David Bottoms verses Georgians

Georgia’s poet laureate talks about family, aging, and an upcoming book

“You know, I’m getting up there. If I live till Friday, I’ll be 60,” said David Bottoms over the phone last week. There isn’t any particular reason Georgia’s poet laureate should be worried about living through the week, but his Southern drawl has a way of slipping mortality into the conversation. His poems achieve a similar trick, drawing the Southern landscape with shades of spiritual anxiety and ephemeral life.
    
“It’s the light they believe kills./We drink and load again, let them crawl/for all they’re worth into the darkness we’re headed for,” he wrote in Shooting Rats at the Bibb County Dump’s titular poem. His debut book told the stories of wayward youths living in the glow of jukeboxes and beer lights, scrap metal thieves roaming through graveyards, and country bands playing at the VFW. Bottoms’ verses subtly culled classical allusions from the circumstances. In 1979, Robert Penn Warren plucked that manuscript out of a stack of contest entries and honored Bottoms with the Walt Whitman Award, which guaranteed publication and a jumpstart to his career.
    
Bottoms is a relentlessly humble guy, more likely to return a compliment than talk about his own achievements.
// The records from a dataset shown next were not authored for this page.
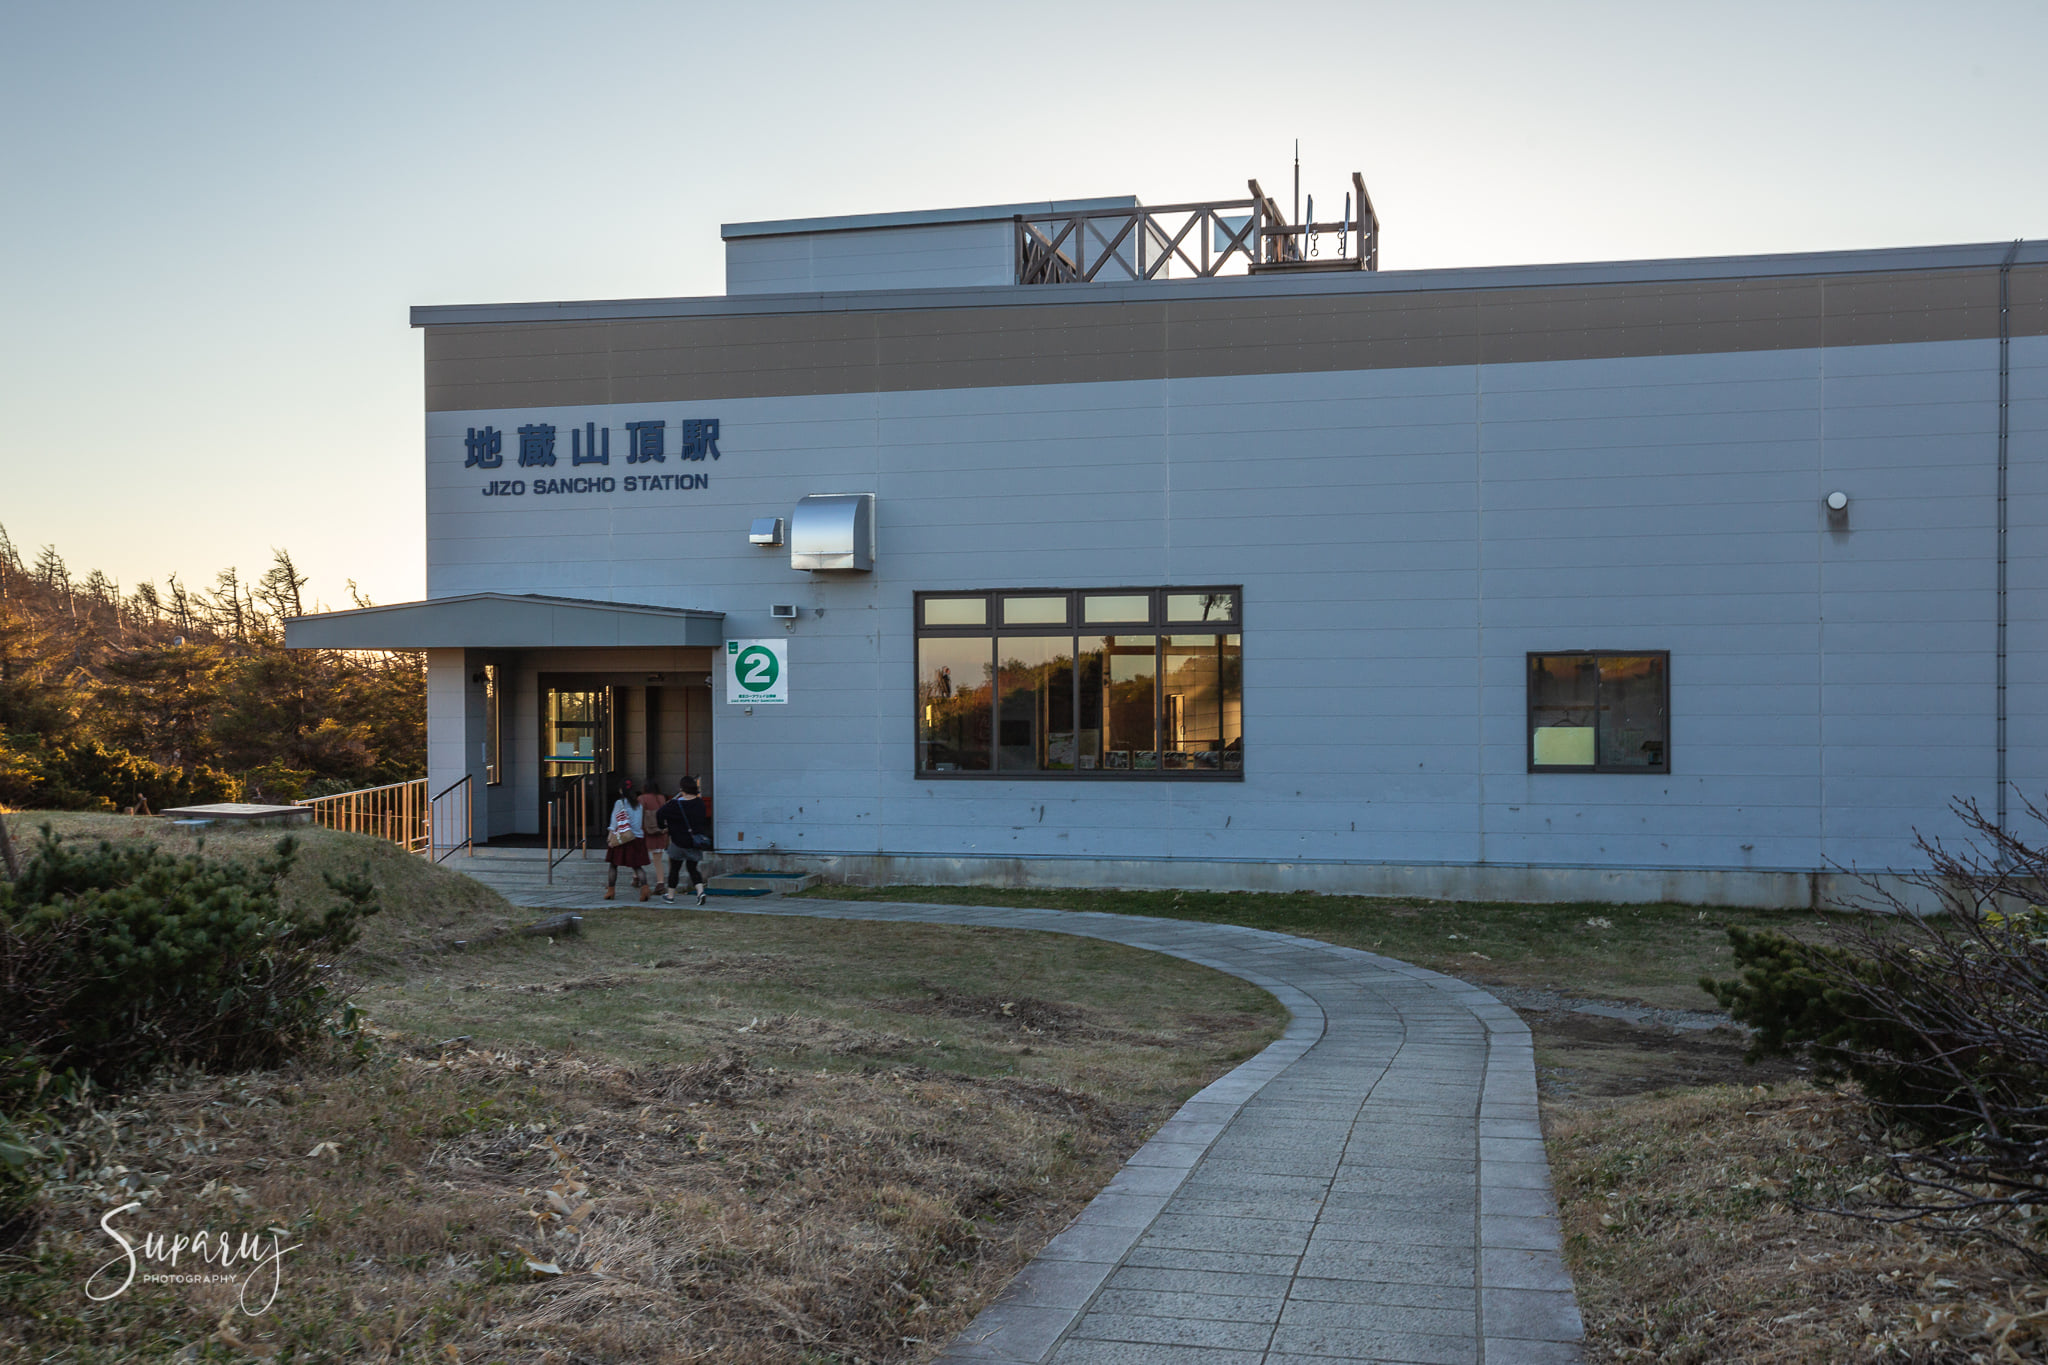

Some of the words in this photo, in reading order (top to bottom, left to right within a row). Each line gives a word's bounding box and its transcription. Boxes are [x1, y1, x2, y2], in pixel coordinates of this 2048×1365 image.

[464, 418, 721, 469] 地蔵山頂駅
[482, 480, 525, 496] JIZO
[533, 477, 615, 495] SANCHO
[624, 473, 708, 491] STATION
[744, 652, 771, 684] 2
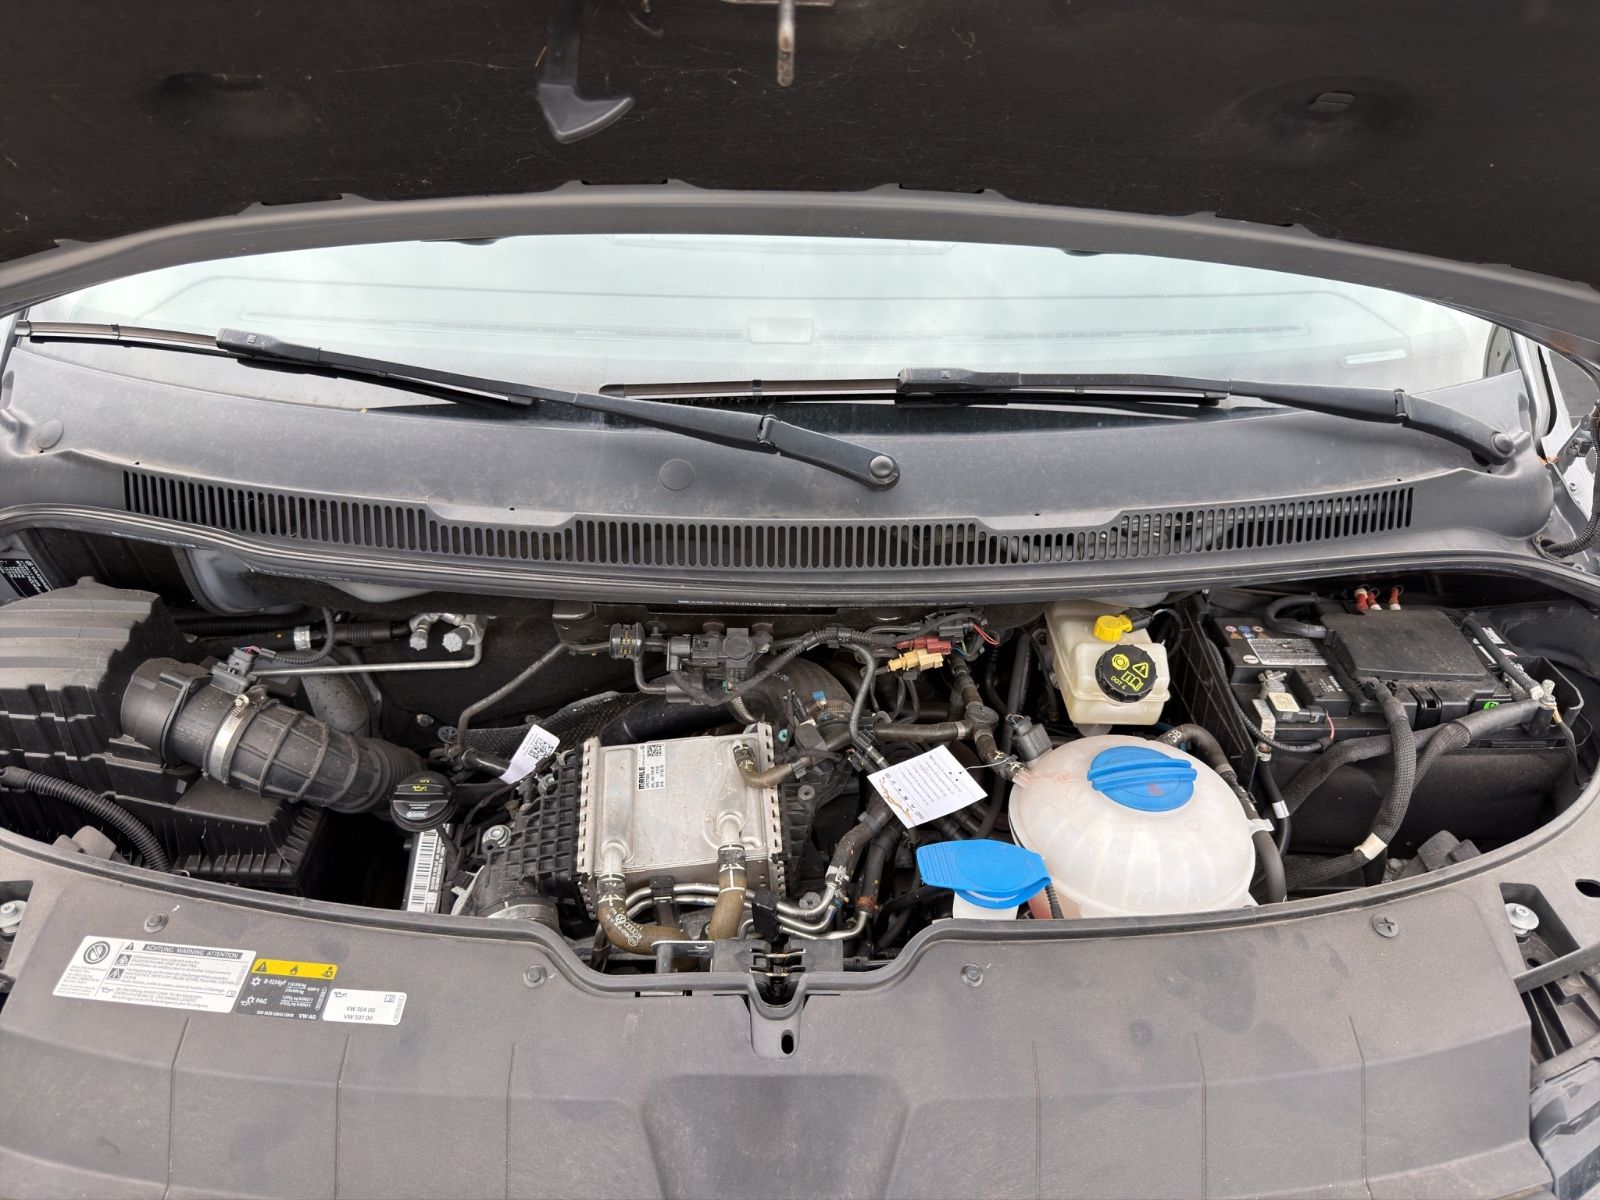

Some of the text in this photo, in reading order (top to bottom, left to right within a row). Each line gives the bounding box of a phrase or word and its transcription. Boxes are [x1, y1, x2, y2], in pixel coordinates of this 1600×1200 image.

[1110, 675, 1123, 686] DOT
[145, 944, 239, 960] ACHTUNG WARNING ATTENTION
When discussing the attention Shooting Rats received, he deadpans, “That was back 200 years ago, I guess.”
    
Bottoms would rather focus on his upcoming book, an as yet untitled volume of poems Copper Canyon Press will publish within the next year. The new poems have shifted to an autobiographical focus of family, aging, and the difficulty of memory. “It’s a lot like Life Studies by Robert Lowell,” he says. “Well, except it’s Southern and I’m not Robert Lowell. There’s a big section about my dad, who’s on his last legs right now.”
    
In “A Chat with My Father,” Bottoms writes, “he’s beating his way through brush and briar, trailing/those barks and howls already fading/in the distance. All the while the woods have grown dark,/and suddenly he looks across the table,/and you see in his eyes that he’s lost.”
        
After experimenting with longer verses in his most recent book, Waltzing through the Endtime, Bottoms’ style has returned to the condensed tone of his earliest works, teasing classical notes from tight, short riffs. “By the time he’d hit eighty, he was something out of Ovid,/his long beak thin and hooked,/the fingers of one hand curled and stiff./Still, he never flew. Only sat in his lawn chair by the highway,/waving a bum wing at passing cars,” he writes of his grandfather in “After the Stroke.”
        
There’s a sense of invitation in Bottoms’ poems, what he likes to call the “message of commonality” in poetry. “We’re born, we aspire, we struggle, we search for meaning, we die,” he says. “Should everybody read poetry? Maybe not. But, you know, we’re all searching for meaning and I believe the poem lends itself to that search. It’s a conscious lifting exercise.”